* INSTRUCTIONS FOR THE TASK
Transcribe the records that follow in their entirety, omitting any pictures.

* GIVEN ENTRIES
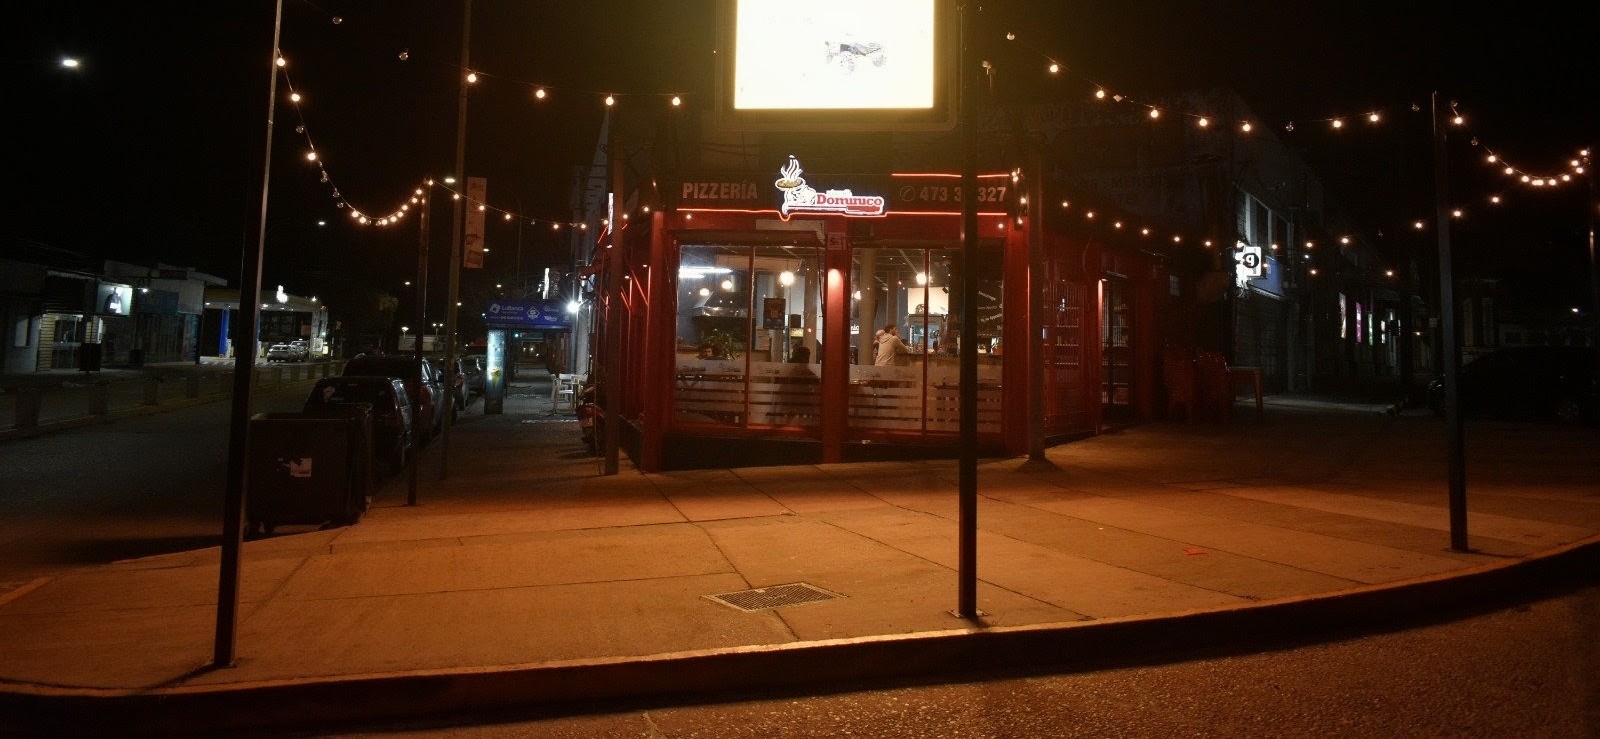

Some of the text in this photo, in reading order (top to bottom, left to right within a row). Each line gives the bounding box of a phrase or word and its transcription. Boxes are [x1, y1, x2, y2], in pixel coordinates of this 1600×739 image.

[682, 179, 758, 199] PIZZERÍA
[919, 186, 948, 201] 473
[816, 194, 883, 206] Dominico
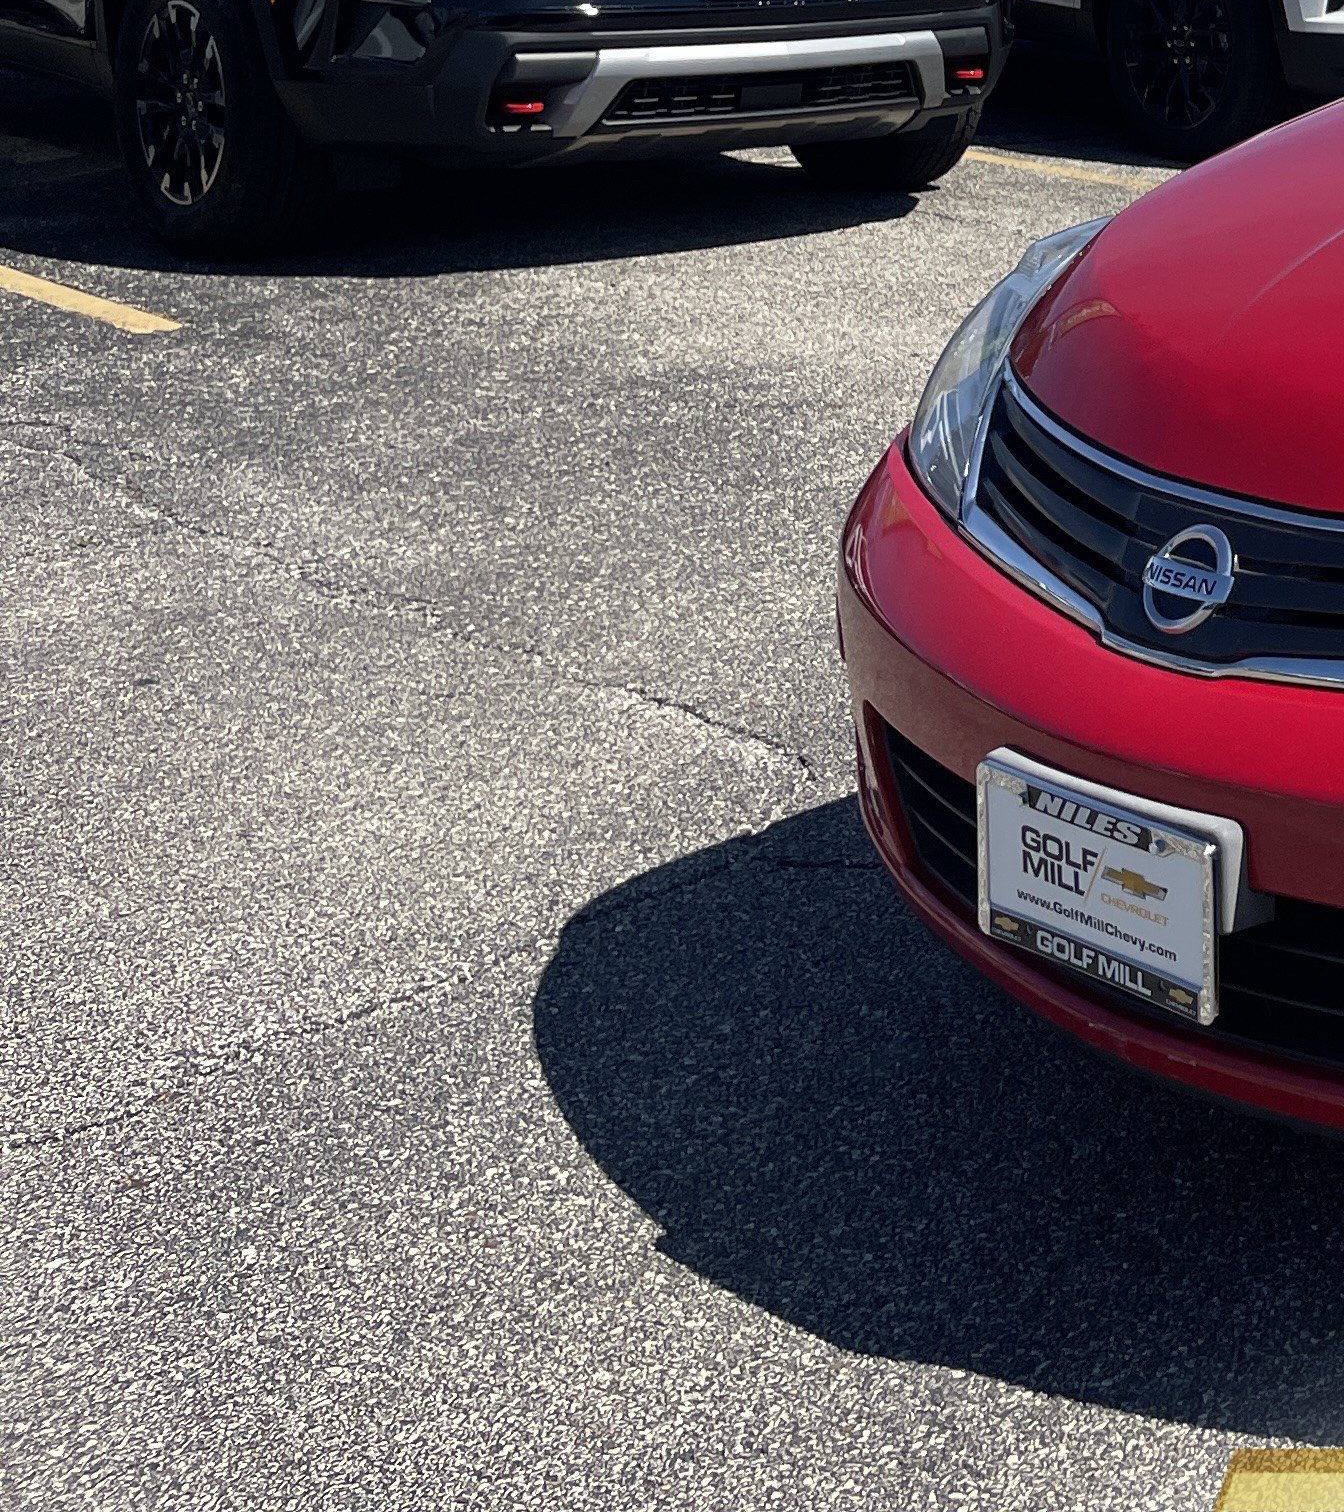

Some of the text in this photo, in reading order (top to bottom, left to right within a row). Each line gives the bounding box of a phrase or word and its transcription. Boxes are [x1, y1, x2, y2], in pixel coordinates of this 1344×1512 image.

* RESPONSE
Some of the text in this photo, in reading order (top to bottom, left to right within a row). Each line gives the bounding box of a phrase or word and its transcription. Boxes are [x1, y1, x2, y2], in pixel coordinates of this 1600×739 image.

[682, 179, 758, 199] PIZZERÍA
[919, 186, 948, 201] 473
[816, 194, 883, 206] Dominico

Some of the text in this photo, in reading order (top to bottom, left to right within a row). Each line gives the bounding box of a phrase or word and its transcription. Boxes are [x1, y1, x2, y2], in pixel coordinates of this 1344×1512 image.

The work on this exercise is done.